Provided data:
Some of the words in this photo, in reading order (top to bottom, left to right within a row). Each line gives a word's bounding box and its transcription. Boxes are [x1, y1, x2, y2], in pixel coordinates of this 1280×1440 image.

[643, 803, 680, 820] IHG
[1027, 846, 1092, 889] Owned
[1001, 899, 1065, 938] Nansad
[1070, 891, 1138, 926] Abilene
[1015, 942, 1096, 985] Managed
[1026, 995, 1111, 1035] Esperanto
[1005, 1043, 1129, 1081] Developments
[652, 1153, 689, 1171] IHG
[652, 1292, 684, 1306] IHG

Assigned task: Your task is to retype all the records above with nothing left out.

Task answer:
Some of the words in this photo, in reading order (top to bottom, left to right within a row). Each line gives a word's bounding box and its transcription. Boxes are [x1, y1, x2, y2], in pixel coordinates of this 1280×1440 image.

[643, 803, 680, 820] IHG
[1027, 846, 1092, 889] Owned
[1001, 899, 1065, 938] Nansad
[1070, 891, 1138, 926] Abilene
[1015, 942, 1096, 985] Managed
[1026, 995, 1111, 1035] Esperanto
[1005, 1043, 1129, 1081] Developments
[652, 1153, 689, 1171] IHG
[652, 1292, 684, 1306] IHG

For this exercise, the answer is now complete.